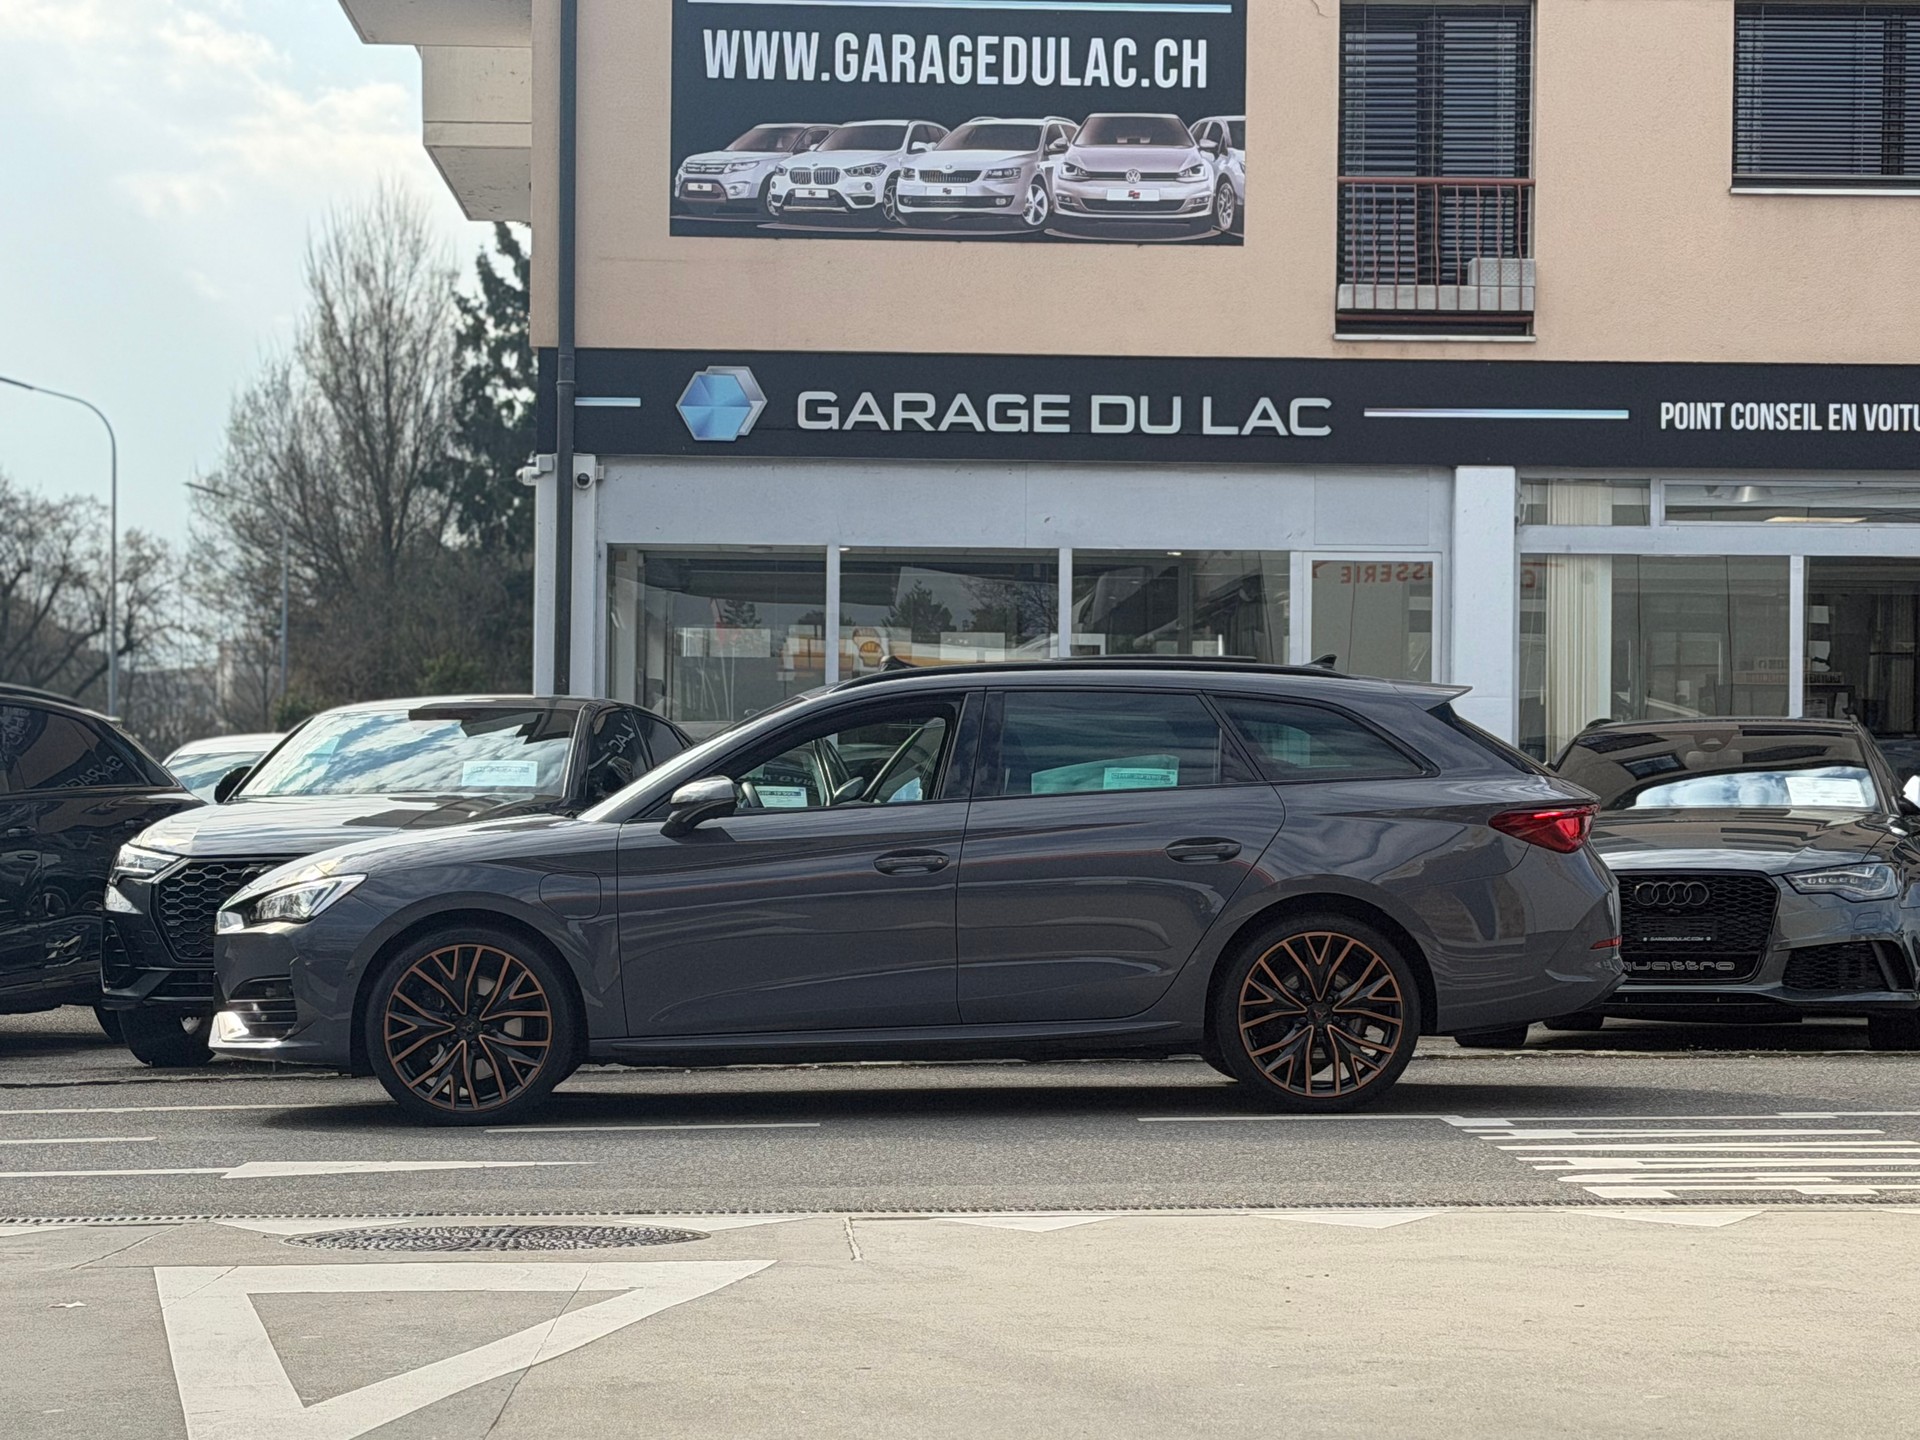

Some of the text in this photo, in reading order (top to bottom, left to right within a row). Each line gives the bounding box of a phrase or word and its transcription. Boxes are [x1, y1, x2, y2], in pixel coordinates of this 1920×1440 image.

[702, 28, 1208, 89] WWW.GARAGEDULAC.CH
[797, 390, 1332, 437] GARAGE DU LAC
[1660, 401, 1726, 431] POINT
[1730, 402, 1823, 432] CONSEIL
[1828, 403, 1857, 432] EN
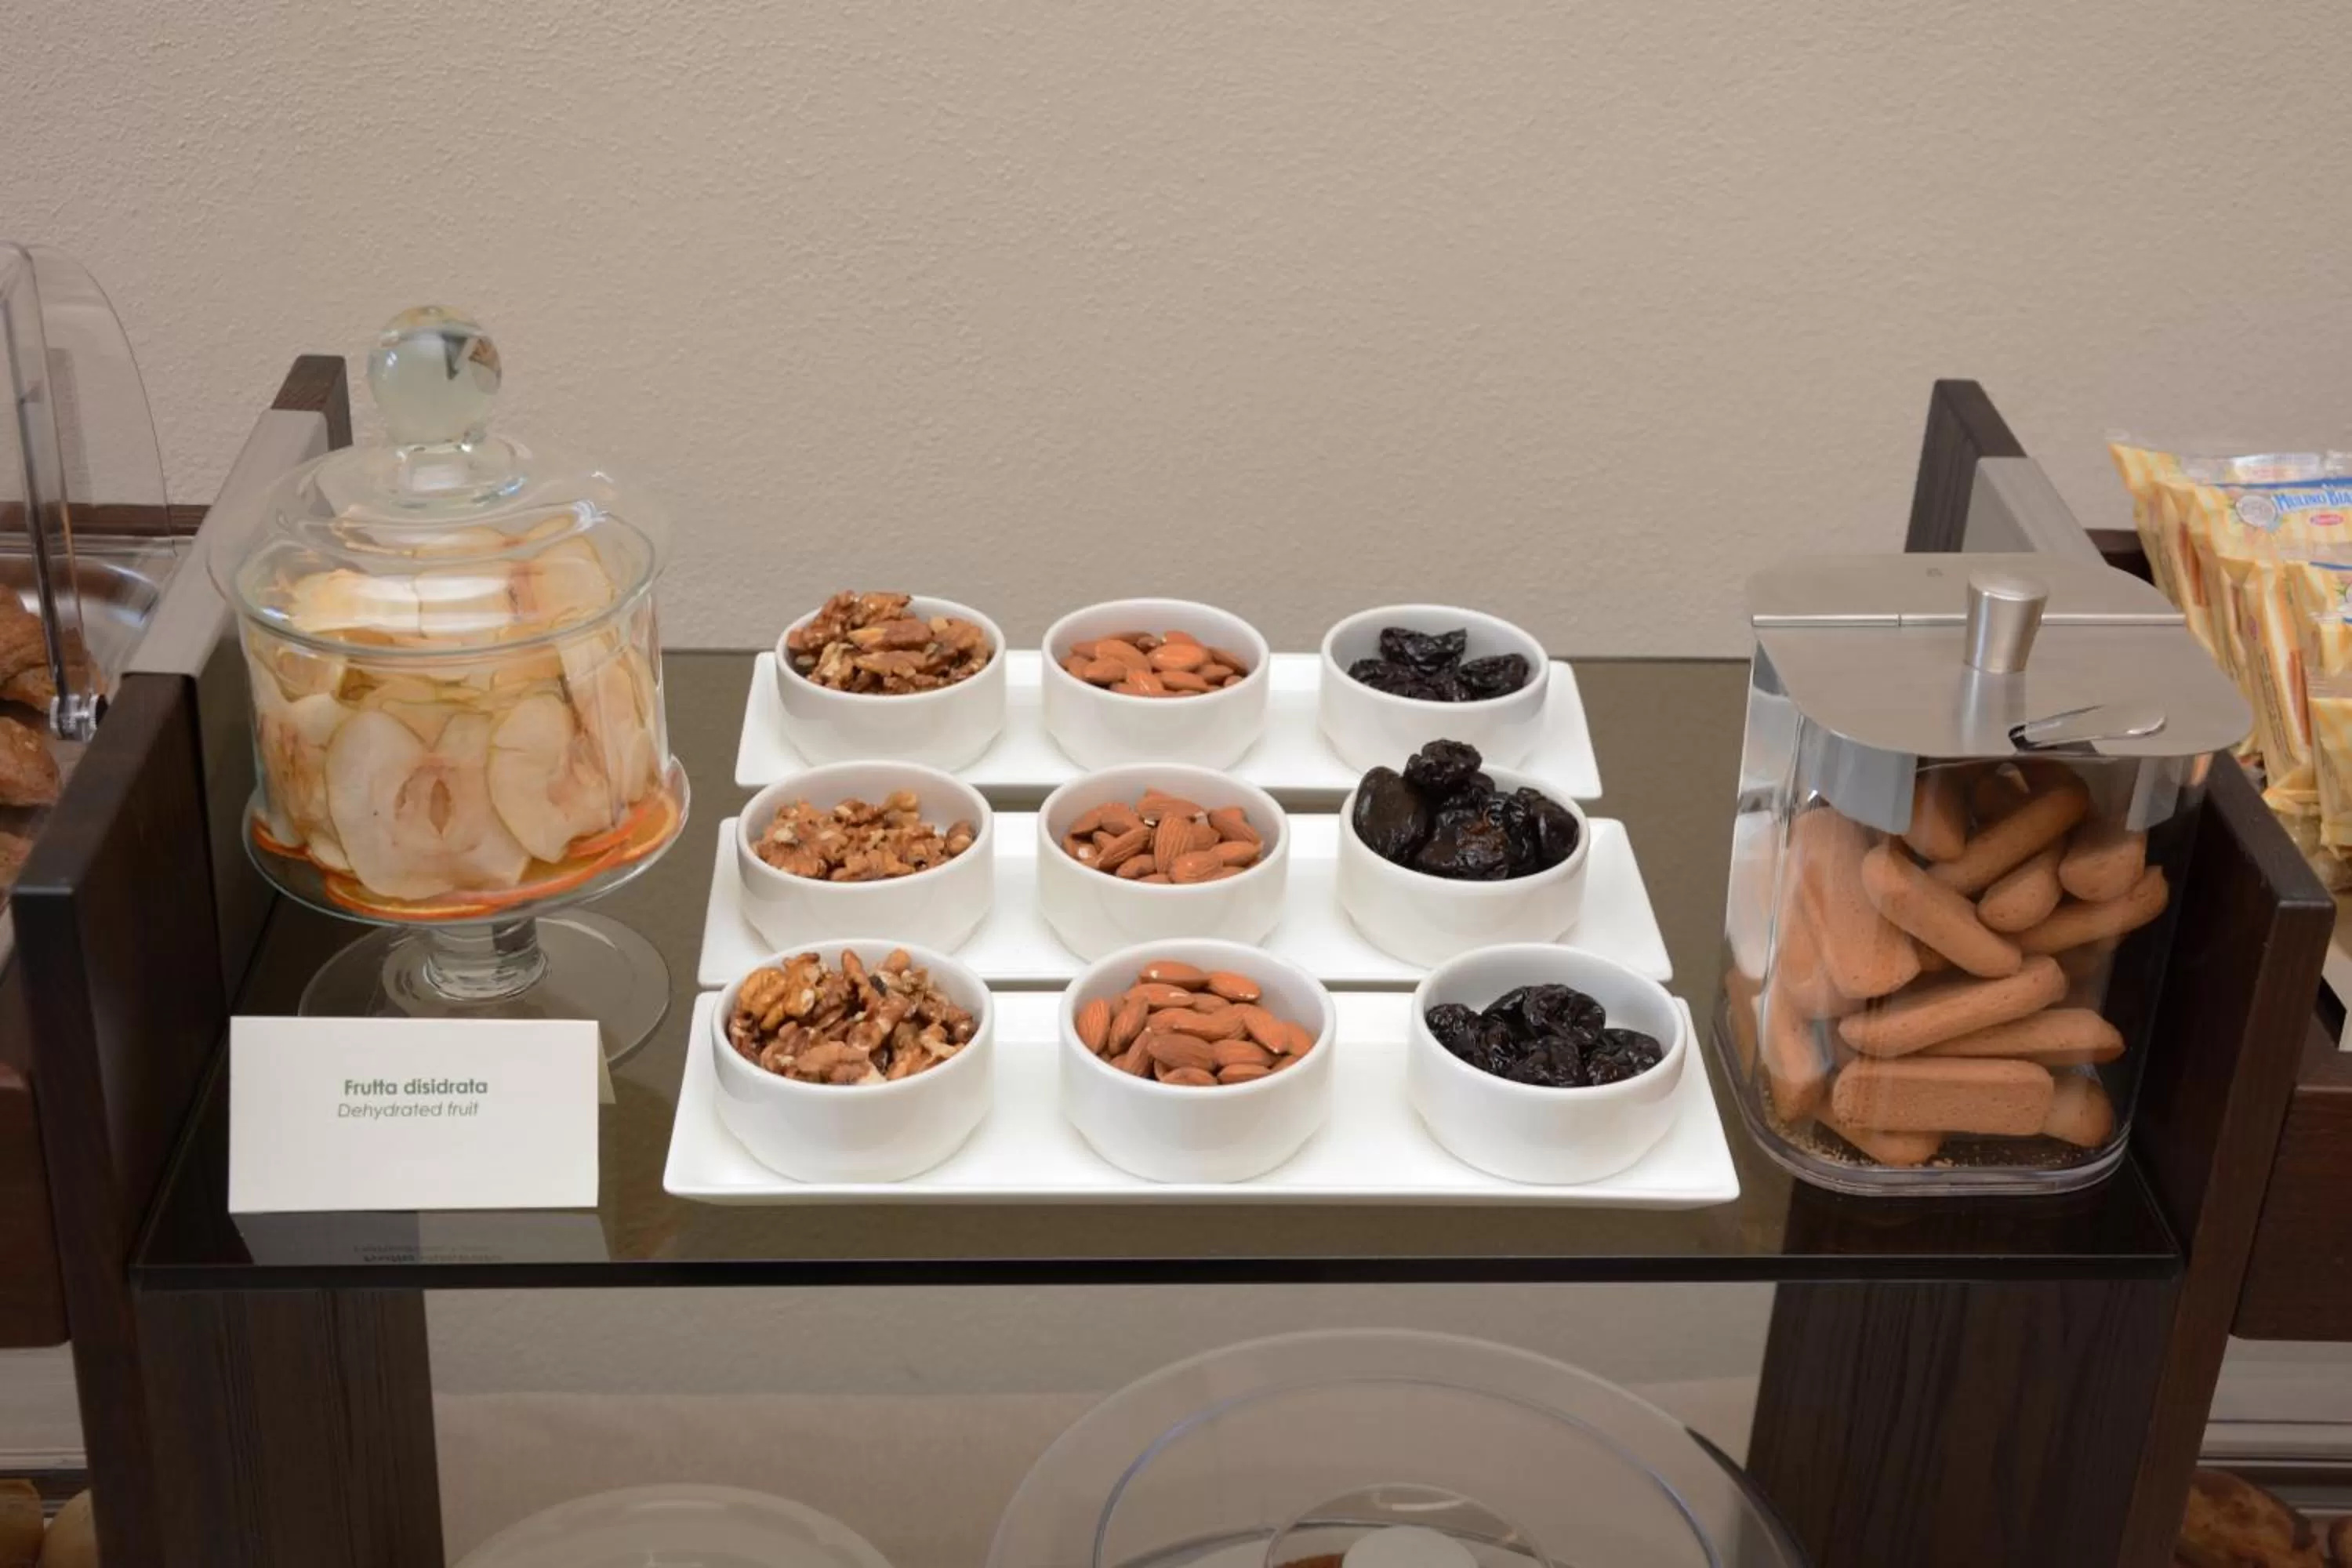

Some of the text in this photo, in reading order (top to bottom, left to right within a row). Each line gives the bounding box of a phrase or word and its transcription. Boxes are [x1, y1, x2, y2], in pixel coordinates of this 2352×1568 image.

[343, 1078, 488, 1095] Frutta disidrata
[337, 1100, 480, 1120] Dehydrated fruit
· · ·
*Task instructions*
Please retype the whole listing above word for word and drop the pictures.

*Result*
Some of the text in this photo, in reading order (top to bottom, left to right within a row). Each line gives the bounding box of a phrase or word and its transcription. Boxes are [x1, y1, x2, y2], in pixel coordinates of this 1920×1440 image.

[702, 28, 1208, 89] WWW.GARAGEDULAC.CH
[797, 390, 1332, 437] GARAGE DU LAC
[1660, 401, 1726, 431] POINT
[1730, 402, 1823, 432] CONSEIL
[1828, 403, 1857, 432] EN

Some of the text in this photo, in reading order (top to bottom, left to right within a row). Each line gives the bounding box of a phrase or word and its transcription. Boxes are [x1, y1, x2, y2], in pixel coordinates of this 2352×1568 image.

[343, 1078, 488, 1095] Frutta disidrata
[337, 1100, 480, 1120] Dehydrated fruit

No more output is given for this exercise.